Condensed Matter Seminar
Ultra-high efficiency multijunction solar cells using monolithically integrated II/VI and III/V materials
Prof. Yong-Hang Zhang
Department of Electrical Engineering
Director
Center for Nanophotonics
Arizona State University, Tempe
Thursday,
October 23, 2008 - 4:00 P.M., NSH 184
I will first introduce the newly established Center for Nanophotonics at the Arizona Institute of Nanoelectronics and some of the research highlights of my group. Then, I will discuss our newly proposed idea to use lattice-matched II/VI (MgCdZn)(SeTe) and III/V (AlGaIn)(AsSb) materials grown on GaSb substrates for ultra-high efficiency solar cell applications. Detailed modeling and preliminary experimental results have shown great potential of this materials system.

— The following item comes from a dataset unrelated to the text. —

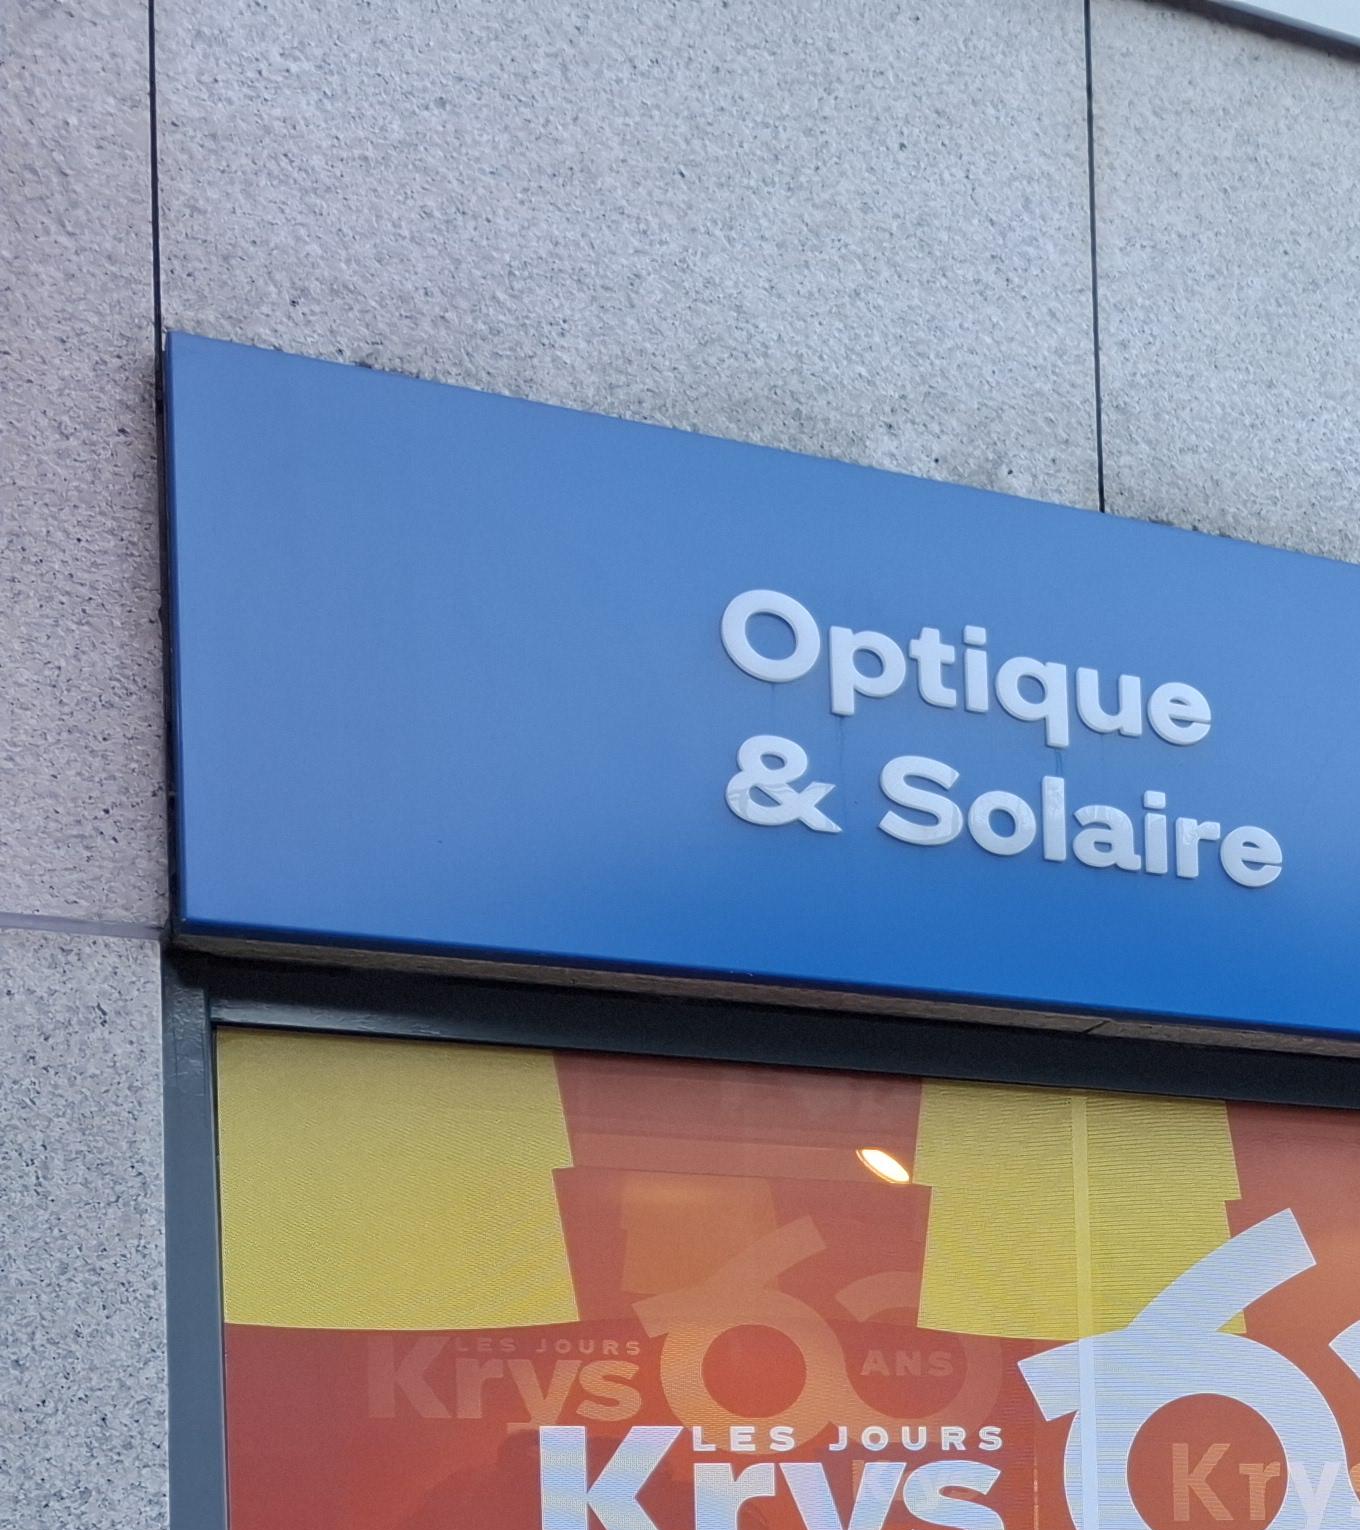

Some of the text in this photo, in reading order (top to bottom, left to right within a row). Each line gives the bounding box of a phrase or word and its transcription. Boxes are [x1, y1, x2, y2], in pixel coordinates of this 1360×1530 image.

[720, 589, 1212, 748] Optique
[725, 734, 1284, 887] & Solaire
[693, 1426, 1003, 1452] LES JOURS

Professor Zhang received his BS and MS in China and did his PhD research work at the Max Planck Institute for Solid States and received his degree in Physics from the University of Stuttgart in 1991. He then worked as an Assistant Research Engineer at UCSB before he joined Hughes Research Labs in 1993. In 1996, he became an Associate Professor in the Department of Electrical Engineering at ASU. He was promoted to full professor in 2000. He is the founding director of the Center for Nanophotonics at the newly established Arizona Institute for Nanoelectronics. His areas of research interest include multijunction solar cells, semiconductor lasers and photodetectors, optical properties of semiconductor quantum structures, and their applications.